The leader stopped beside Carter... and thrust the M9 down at her.  Jack saw his Major freeze, her eyes regarding the weapon with raw hunger but sensing the evident trap.  Her hands, resting atop her knees, clenched into fists.

"Take it," said the Jaffa.  It was the first time since their capture that he had spoken, and Jack was mildly surprised to realize that his voice was just as rough and guttural as it had seemed before.  Not in any natural way, not like someone with a hoarse throat or a glottal accent, but the voice of a man injured and maybe even tortured until his vocal chords were as feeble as a guitar with supine strings.  Slowly, Carter reached up and took the gun from him, setting it back in her lap with her finger on the trigger guard, not making any quick movements but quite obviously waiting for just the right moment to do so.  Jack knew he should be watching too, but his paranoia at this turn of events occupied his entire mind... or what was left of it.

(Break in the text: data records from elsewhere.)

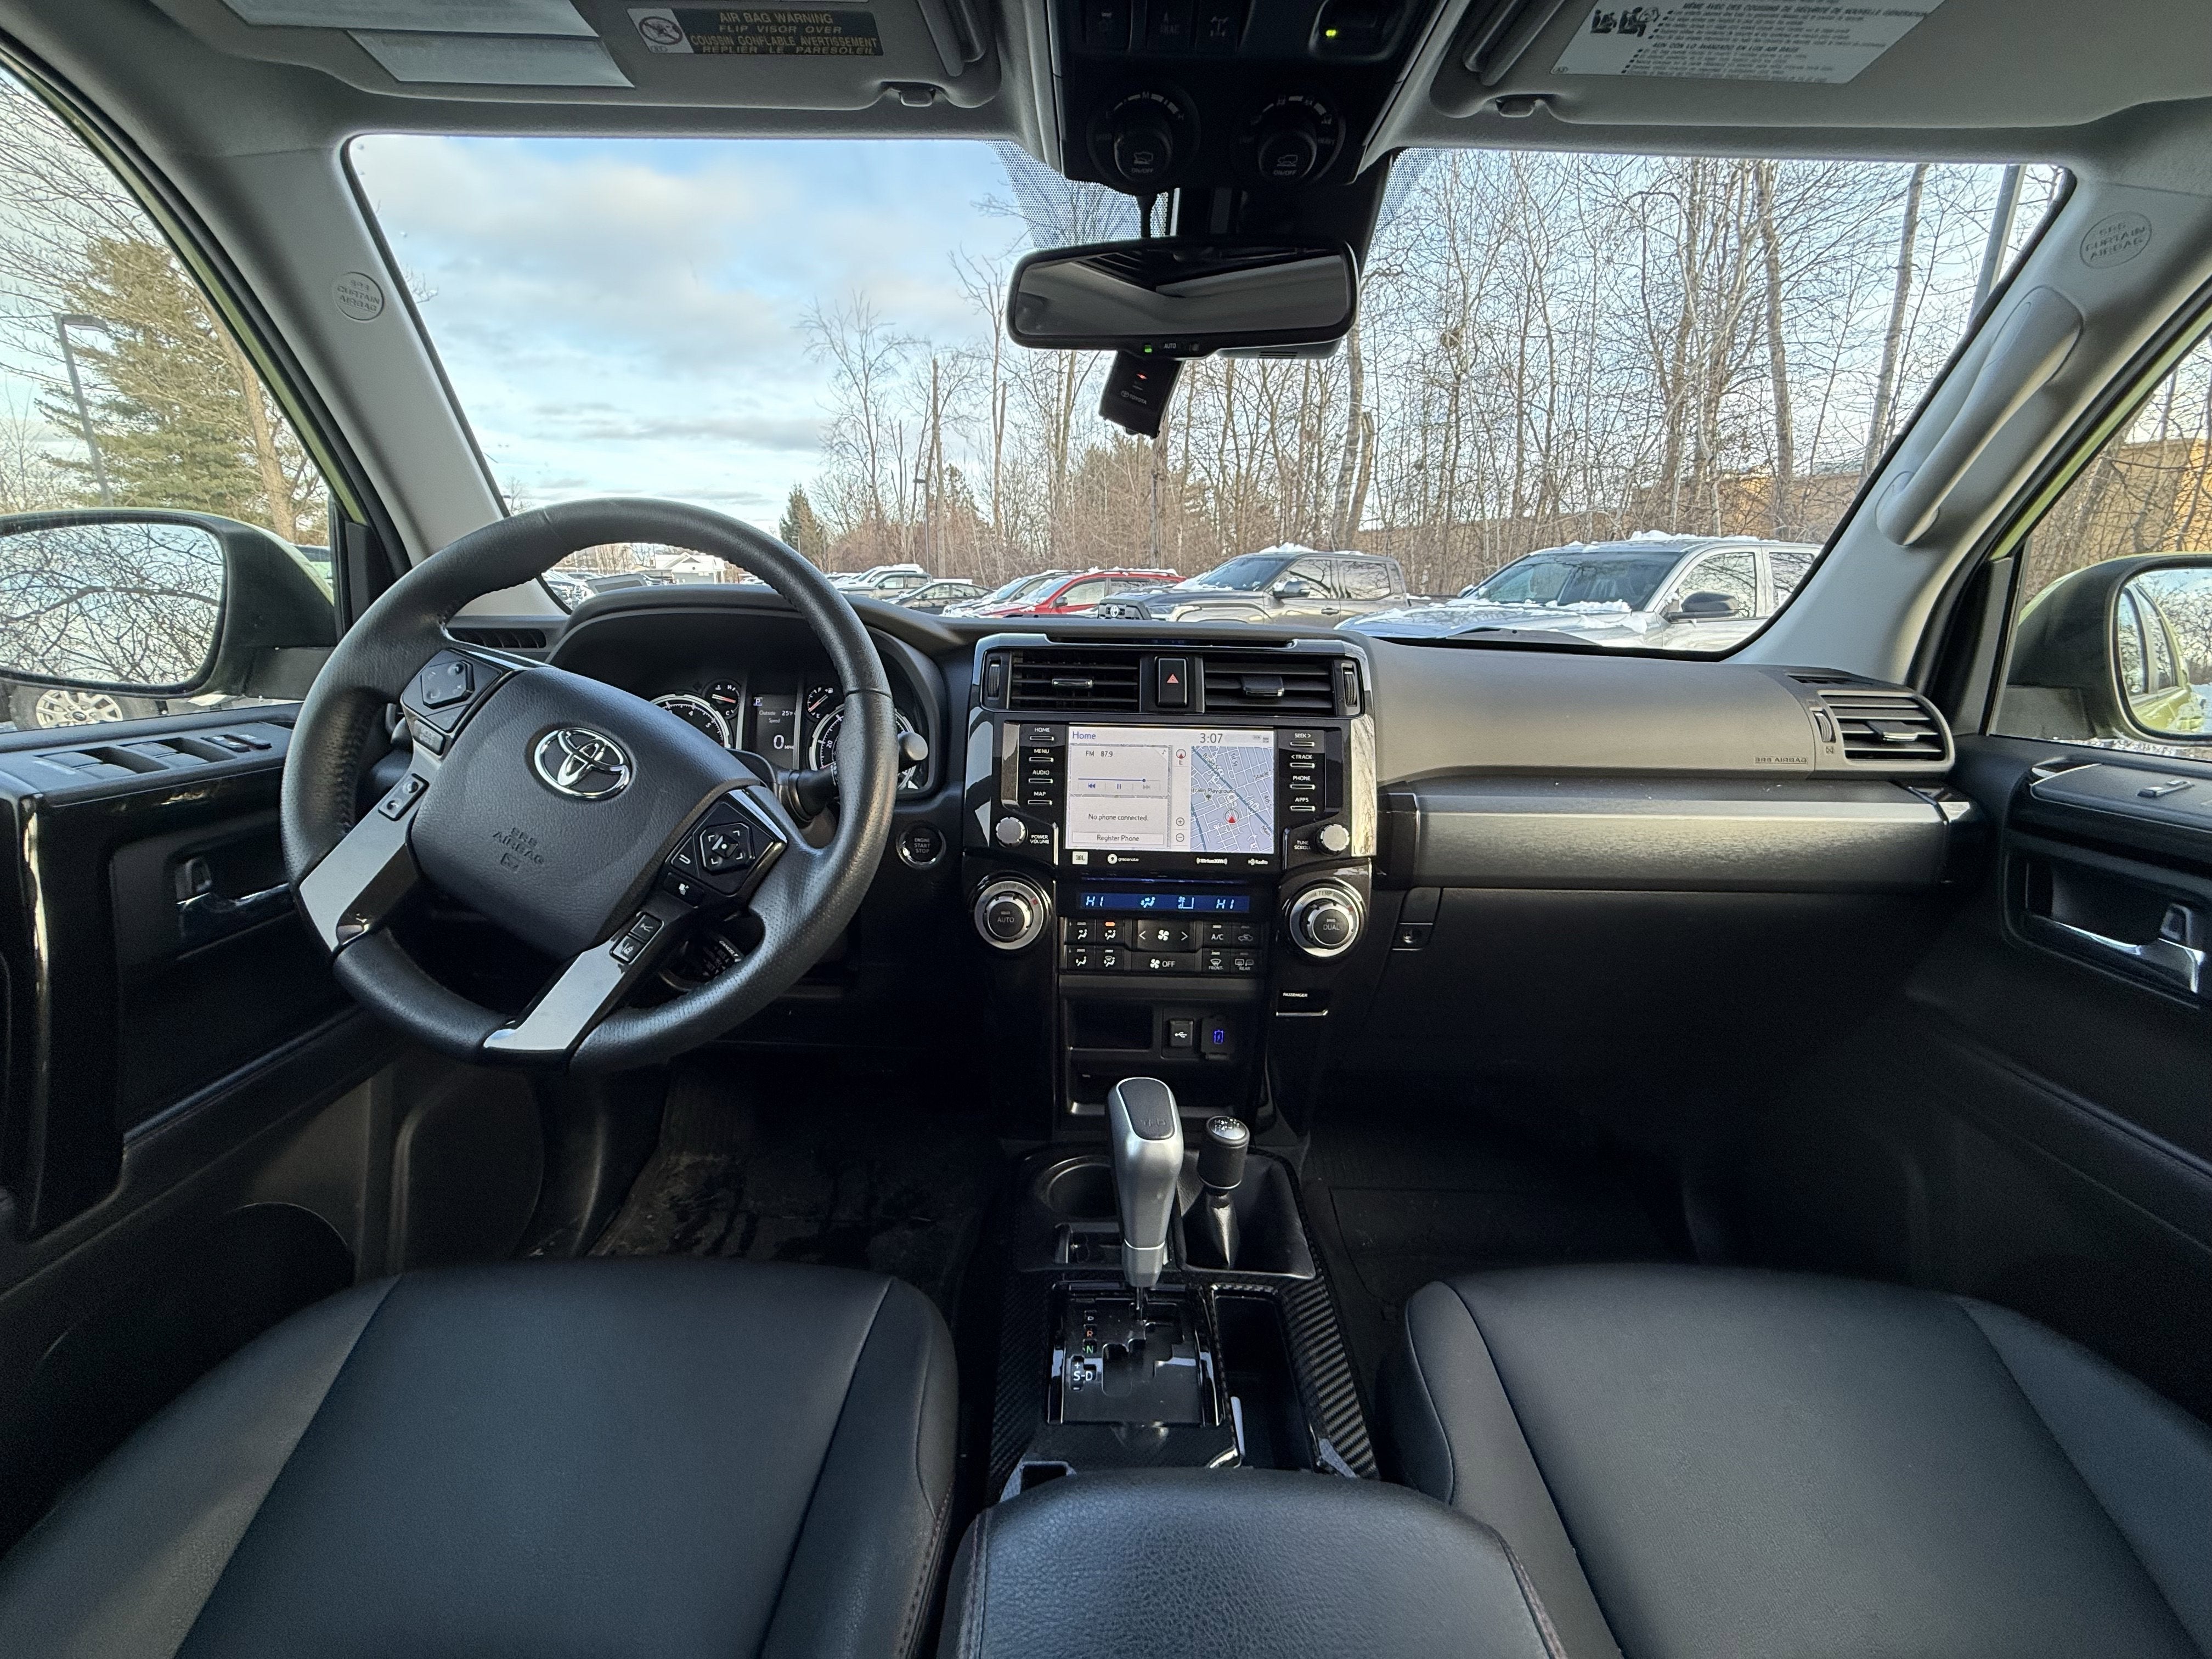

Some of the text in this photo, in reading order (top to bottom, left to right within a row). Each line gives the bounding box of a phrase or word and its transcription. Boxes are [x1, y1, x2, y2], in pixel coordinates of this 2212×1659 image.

[720, 12, 833, 24] AIR BAG WARNING
[805, 25, 842, 33] OVER
[690, 35, 735, 45] COUSSIN
[800, 36, 877, 47] AVERTISSEMENT
[703, 46, 758, 54] REPLIER
[796, 47, 874, 55] PARESOLEIL
[337, 285, 380, 305] CURTAIN
[340, 295, 377, 312] AIRBAG
[1129, 394, 1148, 405] TOYOTA
[1073, 731, 1096, 740] Home
[1200, 733, 1223, 744] 3:07
[773, 735, 785, 749] 0
[826, 740, 833, 749] 20
[492, 831, 545, 865] AIRBAG
[1086, 1345, 1093, 1353] N

The leader favored his colleagues with an impish grin, and then demanded, in his tires-over-gravel voice, "Shoot him."

The audience of Jaffa chortled wildly, looking at each other and their brilliant boss in delight.  What a wonderful idea! said their expressions.  What fun this will be!  "Him," said the leader again, pointing a stubby, square-tipped finger at Jack, who felt sick fear and even sicker relief rush through him.  The Jaffa all but giggled like schoolchildren.

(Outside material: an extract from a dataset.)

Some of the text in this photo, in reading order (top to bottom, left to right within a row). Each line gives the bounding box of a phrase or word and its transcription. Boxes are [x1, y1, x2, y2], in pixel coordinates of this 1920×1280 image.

Eyes flashing in ill-hidden disgust, Carter set her jaw determinedly and let her hands go slack.  The handgun tumbled from her limp fingers onto the ground, sending a slight puff of dust into the air.  The Jaffa appeared ready to boo in protest, and they looked towards their leader in desperation, pleading with their eyes for him to get the stubborn female to cooperate.  His flat face contorted in annoyance, and in one fluidly powerful movement he brought the business end of the P90 around to bear directly at her head.  As a soldier of some anonymous Goa'uld, he must have seen the weapon in use and had taken good notes.  "Pick it up!" he demanded, flecks of spittle appearing on his thin, pale lips.  "Now!  Do it or suffer the consequences!"

The threat was empty - these monsters were without honor, and the promised consequences would be the same no matter what happened next - but they couldn't stall forever, Jack thought.  The Jaffa would stop their assault only as long as they thought that some unique executions were in the near future.  Jack strained to lift his head from the ground, feeling pain in every inch of his body, staring at Carter who would not look at him, trying to communicate the message: it was okay.  She could do it, shoot him, maybe kill him, amuse the others, maybe spare herself some pain, maybe even keep herself and the others alive long enough for rescue to come.  As though by the force of his will she finally met his eyes, exchanging her impossible, vehement sadness and loathing for his reserve conviction.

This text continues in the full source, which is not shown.